ACTIVITY — Nothing but the lines from the one containing "this 1334×1500 image." through the end of the data should be retyped, exactly as they stand, and pictures should not be retyped.

THE DATA section start

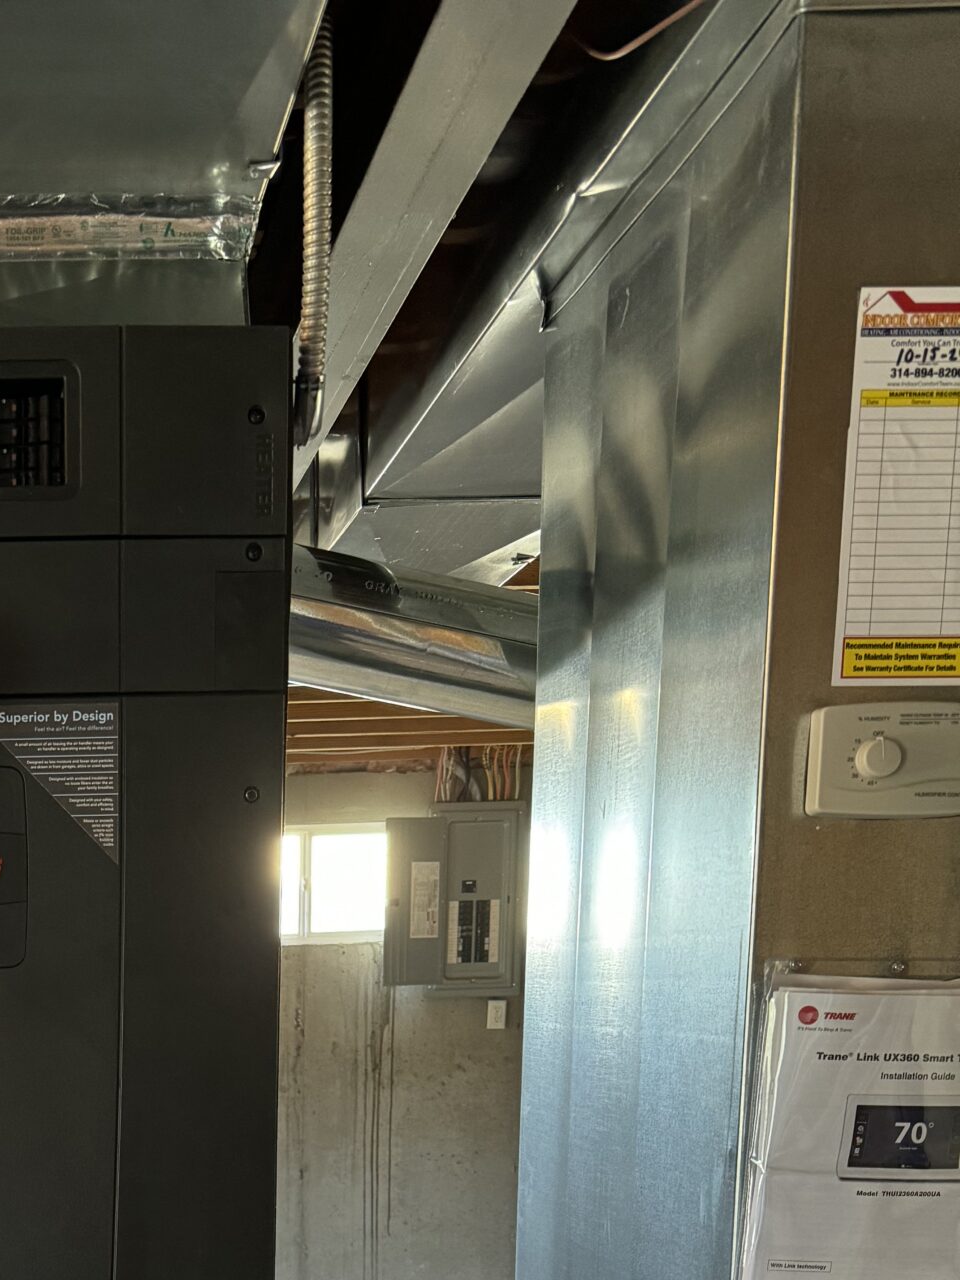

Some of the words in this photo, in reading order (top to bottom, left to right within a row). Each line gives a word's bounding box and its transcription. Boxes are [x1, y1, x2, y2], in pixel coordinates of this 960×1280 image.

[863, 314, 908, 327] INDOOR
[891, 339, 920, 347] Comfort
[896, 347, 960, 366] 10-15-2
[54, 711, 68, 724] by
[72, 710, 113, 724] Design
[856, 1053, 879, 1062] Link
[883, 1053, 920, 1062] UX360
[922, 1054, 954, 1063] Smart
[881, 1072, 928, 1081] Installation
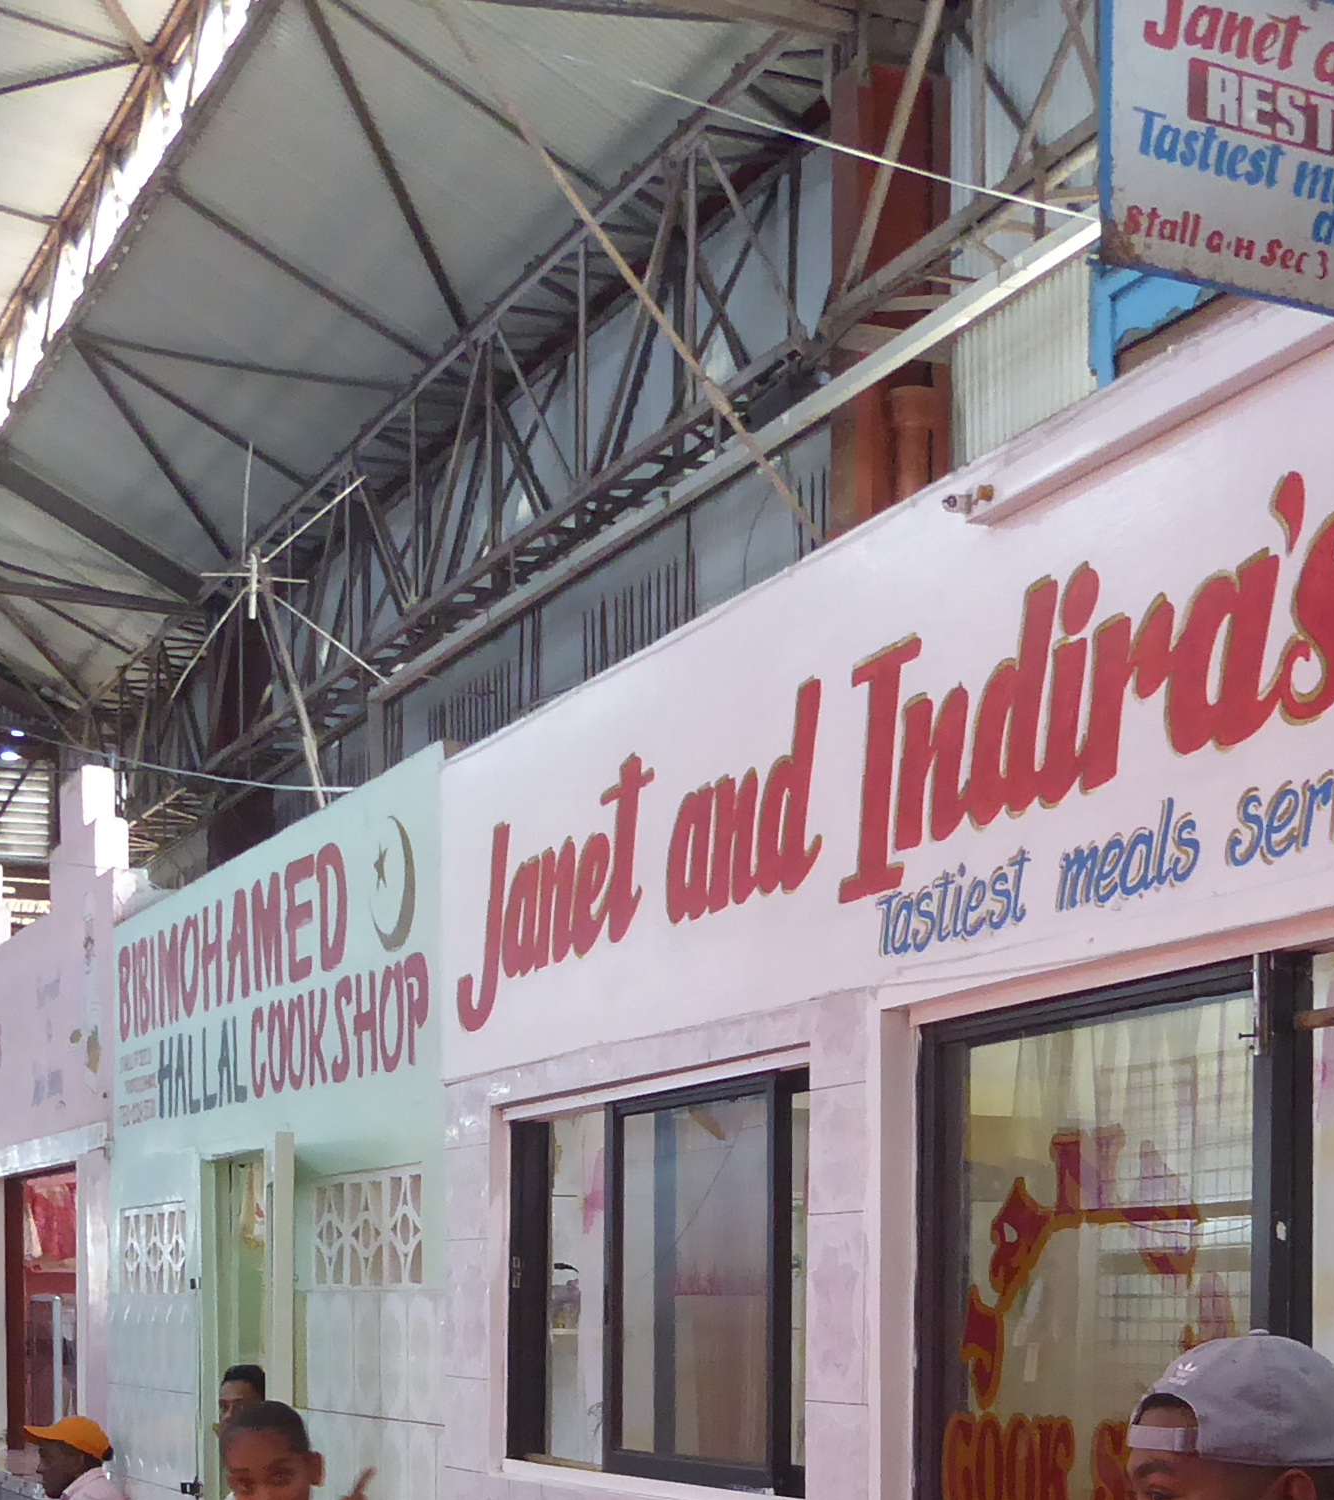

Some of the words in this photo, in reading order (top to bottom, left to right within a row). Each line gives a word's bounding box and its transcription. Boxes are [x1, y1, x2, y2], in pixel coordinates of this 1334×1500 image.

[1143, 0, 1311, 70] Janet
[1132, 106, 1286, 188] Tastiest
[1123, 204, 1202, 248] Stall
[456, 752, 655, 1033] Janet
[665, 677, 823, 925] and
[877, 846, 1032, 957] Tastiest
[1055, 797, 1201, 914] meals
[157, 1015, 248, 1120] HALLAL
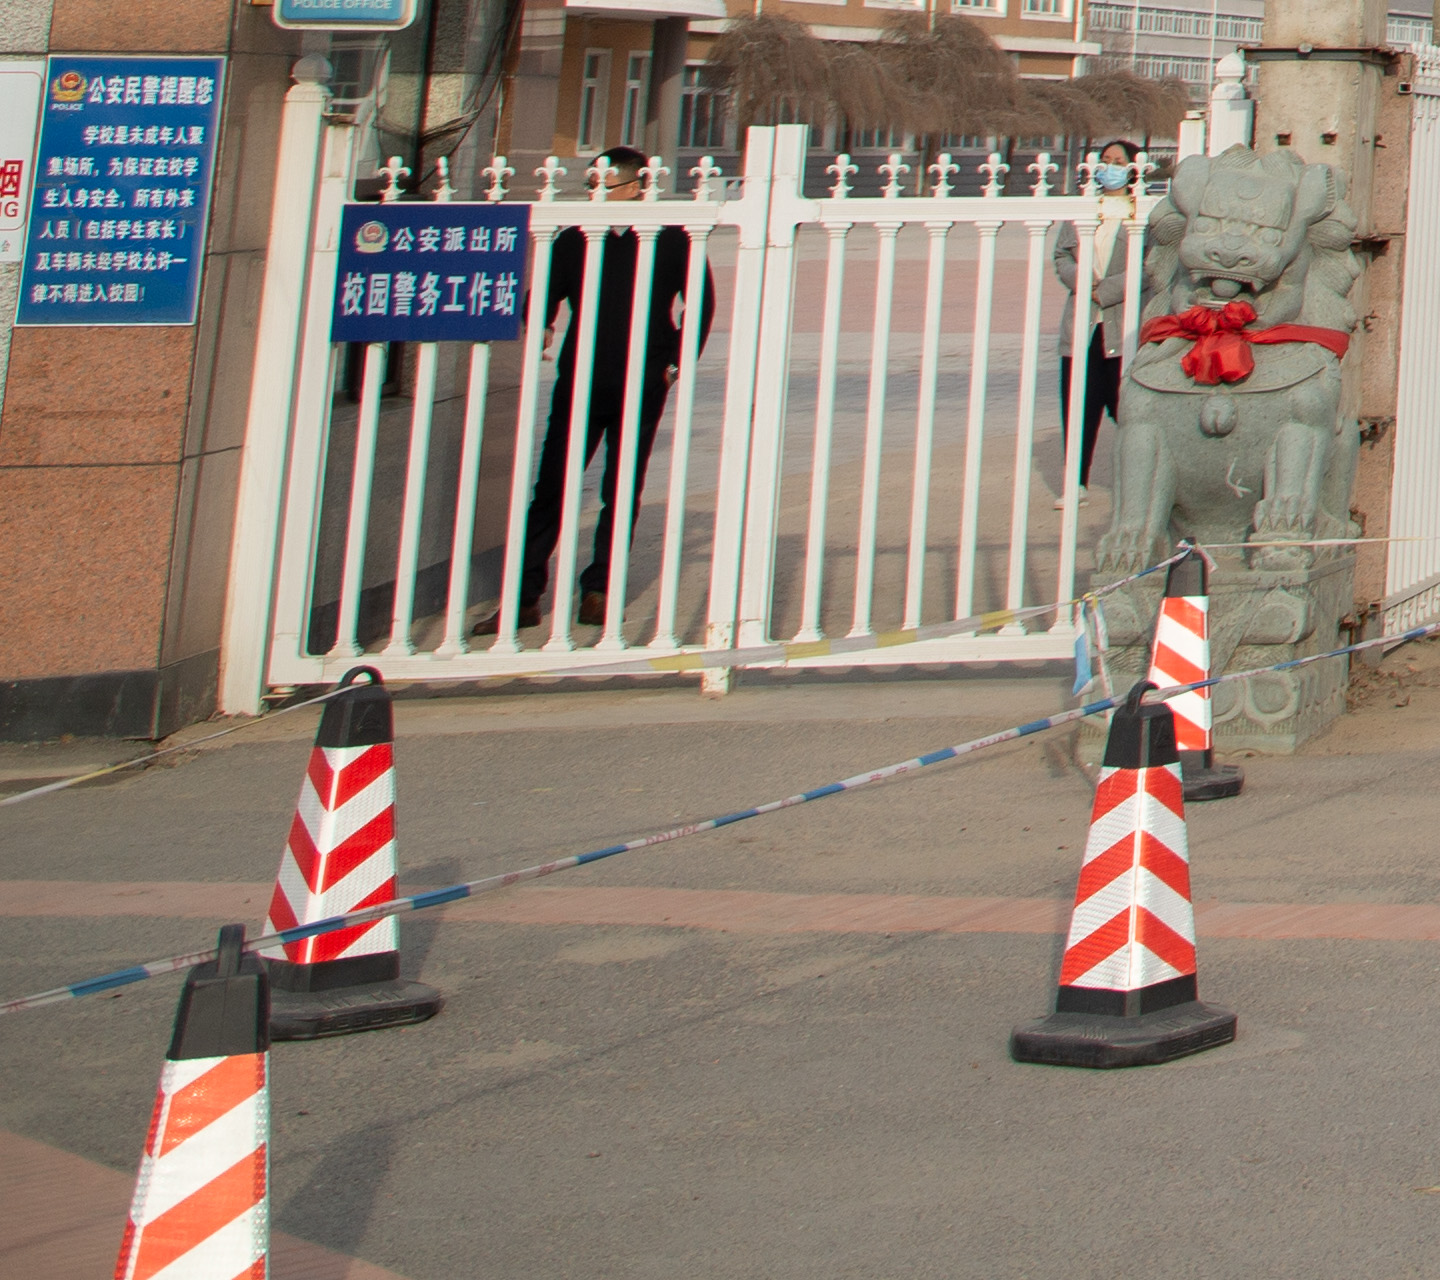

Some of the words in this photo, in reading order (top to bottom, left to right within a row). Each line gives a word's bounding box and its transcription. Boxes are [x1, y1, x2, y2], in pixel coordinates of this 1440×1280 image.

THE DATA section end

SOLUTION BELOW —
Some of the words in this photo, in reading order (top to bottom, left to right within a row). Each line gives a word's bounding box and its transcription. Boxes are [x1, y1, x2, y2], in pixel coordinates of this 1334×1500 image.

[1143, 0, 1311, 70] Janet
[1132, 106, 1286, 188] Tastiest
[1123, 204, 1202, 248] Stall
[456, 752, 655, 1033] Janet
[665, 677, 823, 925] and
[877, 846, 1032, 957] Tastiest
[1055, 797, 1201, 914] meals
[157, 1015, 248, 1120] HALLAL

Some of the words in this photo, in reading order (top to bottom, left to right within a row). Each line gives a word's bounding box and its transcription. Boxes are [x1, y1, x2, y2], in pixel coordinates of this 1440×1280 image.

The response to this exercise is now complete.